*** Block opens ***

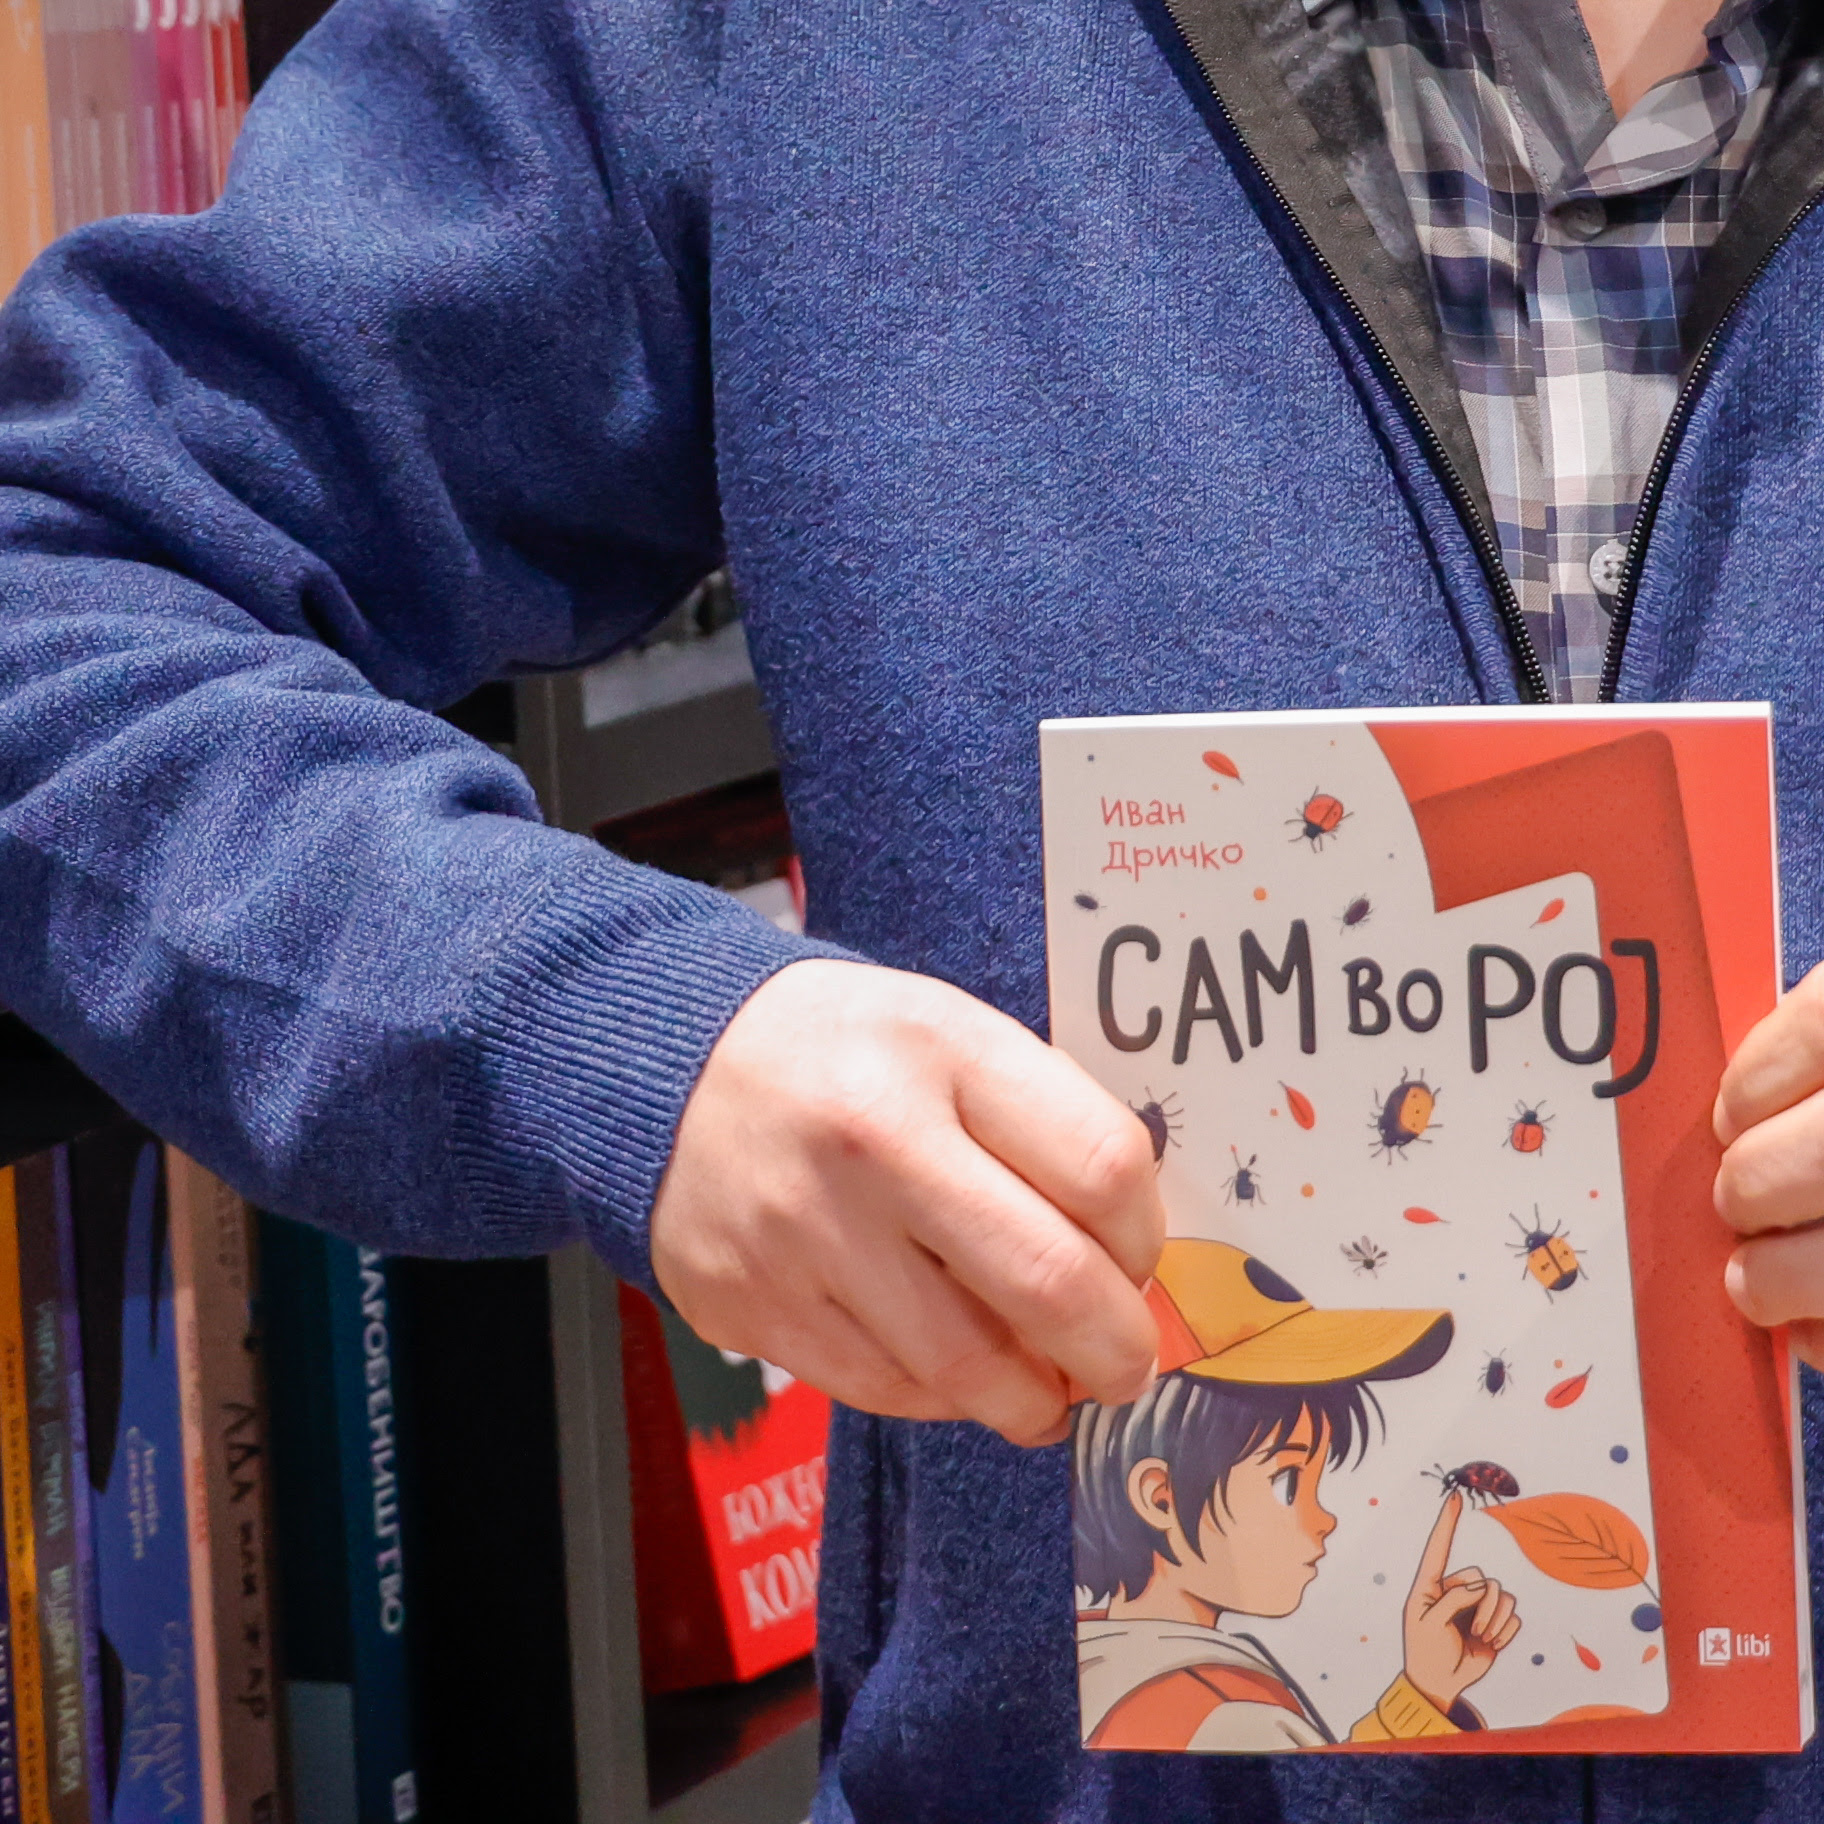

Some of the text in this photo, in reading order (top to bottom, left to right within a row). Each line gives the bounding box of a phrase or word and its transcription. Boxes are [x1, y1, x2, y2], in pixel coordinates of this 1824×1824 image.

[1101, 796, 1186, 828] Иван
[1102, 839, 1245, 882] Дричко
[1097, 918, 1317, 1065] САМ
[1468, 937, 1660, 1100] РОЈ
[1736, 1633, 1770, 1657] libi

*** Block closes ***

> _Exercise objective_
Would you restate the listing word for word without its pictures?

> _Task output_
Some of the text in this photo, in reading order (top to bottom, left to right within a row). Each line gives the bounding box of a phrase or word and its transcription. Boxes are [x1, y1, x2, y2], in pixel coordinates of this 1824×1824 image.

[1101, 796, 1186, 828] Иван
[1102, 839, 1245, 882] Дричко
[1097, 918, 1317, 1065] САМ
[1468, 937, 1660, 1100] РОЈ
[1736, 1633, 1770, 1657] libi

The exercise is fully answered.